En France, le terme de Macédoine a donné le nom à une salade, en référence aux multiples ingrédients qui la composent, allusion aux multiples populations présentes en Macédoine, ce qui donne différentes couleurs sur une carte.
Au début du XXe siècle, la Bulgarie prétendait qu’il y avait en Macédoine une majorité de Bulgares, la Serbie de Serbes (y voyant une Serbie du Sud), la Grèce de Grecs.
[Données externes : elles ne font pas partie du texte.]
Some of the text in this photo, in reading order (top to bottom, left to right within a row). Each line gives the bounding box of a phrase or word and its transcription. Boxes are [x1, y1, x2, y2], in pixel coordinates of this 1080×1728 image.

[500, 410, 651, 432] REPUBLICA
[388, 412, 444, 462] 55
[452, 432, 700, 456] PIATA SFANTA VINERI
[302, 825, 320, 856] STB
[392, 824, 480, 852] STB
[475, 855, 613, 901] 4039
La guerre des Balkans qui s’ensuivit fut marqué par des atrocités et des déplacements de population, dans un cadre féodal, formant une poudrière qui joua un rôle effectif pour le déclenchement de la première guerre mondiale impérialiste.
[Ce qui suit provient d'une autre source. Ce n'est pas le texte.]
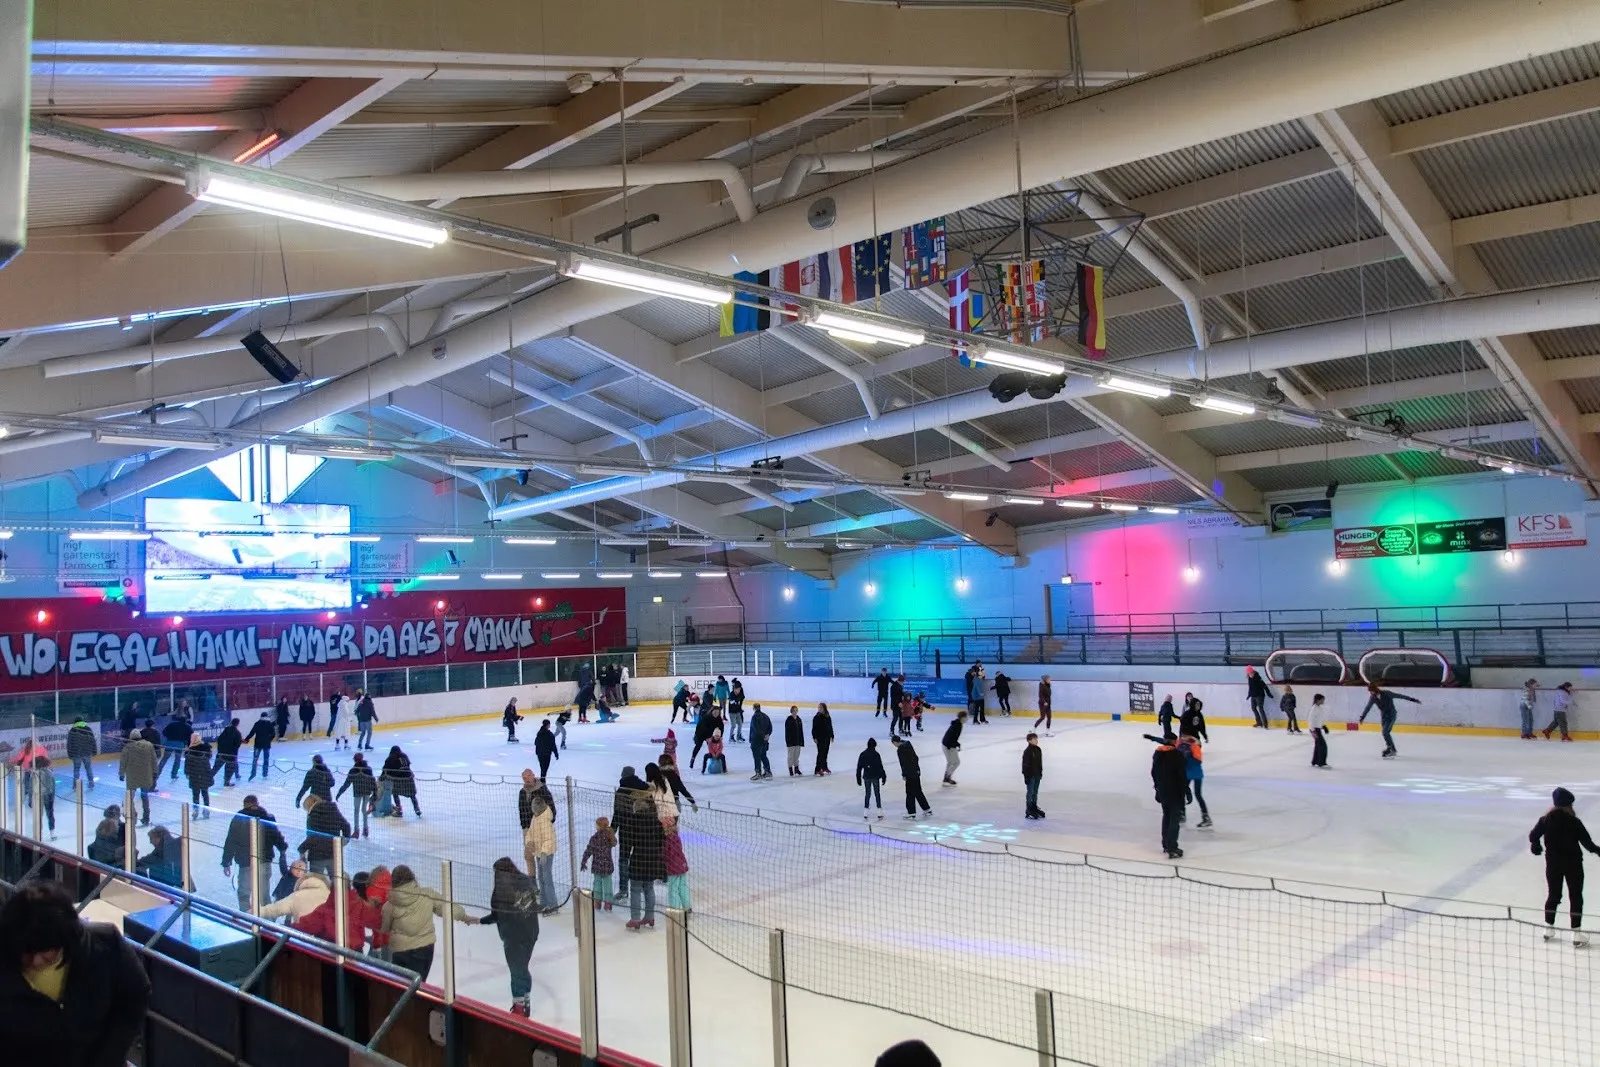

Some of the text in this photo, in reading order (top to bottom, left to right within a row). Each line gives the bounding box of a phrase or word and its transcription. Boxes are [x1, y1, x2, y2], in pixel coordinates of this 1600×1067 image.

[1518, 514, 1556, 532] KFS
[1338, 532, 1376, 540] HUNGER?
[63, 541, 82, 552] mgf
[360, 544, 375, 553] mgf
[63, 551, 120, 560] gartenstadt
[360, 553, 402, 561] gartenstadt
[64, 561, 104, 569] farmsen
[69, 631, 171, 674] EGAL
[166, 625, 261, 670] WANN
[278, 623, 362, 665] IMMER
[365, 624, 396, 658] DA
[399, 620, 442, 656] ALS
[445, 620, 460, 647] 7
[463, 616, 536, 652] MANN
Au moment de la seconde guerre mondiale, il y avait officiellement environ 80 000 « slavo-macédoniens » dans la partie grecque de la Macédoine, en réalité sans doute plus du double, et le KKE défendait ses droits, au sein de la Grèce, arguant que la sécession n’aurait pas de sens pour une partie du pays dont la quasi totalité était grecque.
Durant la seconde guerre mondiale, le KKE réussit à convaincre le Slavjano Makedonski Narodno Osloboditelen Front – Front de Libération Nationale slavo-macédonien – à participer à l’ELAS. Tito cependant poussait à une ligne indépendantiste, afin que la future Yougoslavie l’annexe.
Pour cette raison, la SNOF fut démantelée, 800 de ses membres rejoignant la Yougoslavie, alors que fut fondé en avril 1945 la NOF, Narodno Osloboditelen Front – Front de Libération Nationale, qui rejoignit ensuite la DSE.
Tito retenta l’opération de scission avec la NOF, qui maintint néanmoins le cap et il est à noter qu’une partie significative des combattants de la DSE était d’origine slavo-macédonienne, autour de 30 %, la propagande anti-DSE faisant monter ce chiffre à 70 %.
Níkos Zachariádis avait en effet établi la ligne d’autonomie pour la minorité slavo-macédonienne, alors que la Bulgarie faisait un contre-poids démocratique essentiel à l’expansionnisme yougoslave concernant cette question.